Your opinions matter.
Your feelings matter.
Your thoughts matter.
Your dreams matter.
Your LIFE matters.
You are special.
You are beautiful.
You are talented.
You are valuable.
You are wonderful.
You are respected.
You are cared about.
You are STRONG.
You are a good person.
You are loved.
You can succeed.
You can reach out.
You can hold on.
You can overcome.
You mean something.
You have worth.
You deserve to LIVE.

I called it Affirmations for Bullying Victims. I shared those words everywhere I could possibly share them, hoping to poke a hole in the self-loathing surrounding bullied people everywhere.

Three days after posting my message on the internet, I got a response.

"Thank you. I was going to kill myself. Your words made me put down my razor."

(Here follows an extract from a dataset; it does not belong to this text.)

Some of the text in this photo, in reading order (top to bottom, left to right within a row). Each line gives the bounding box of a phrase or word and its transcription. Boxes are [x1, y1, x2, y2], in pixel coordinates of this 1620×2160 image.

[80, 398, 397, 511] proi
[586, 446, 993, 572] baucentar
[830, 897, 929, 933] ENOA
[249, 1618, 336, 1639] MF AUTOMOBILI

Tears spilled down my cheeks, and I remembered the Doctor's words when I wiped them off. It made me laugh. I felt like the superhero I tried to be in my imagination.

After all the misery I endured, I knew helping others through the same pain was my key to happiness. I wasn't alone, and today's teenagers aren't alone either as long as my message stays out there in cyberspace.

I'm okay, and you're going to be okay, too.

Like the Doctor said, it gets better.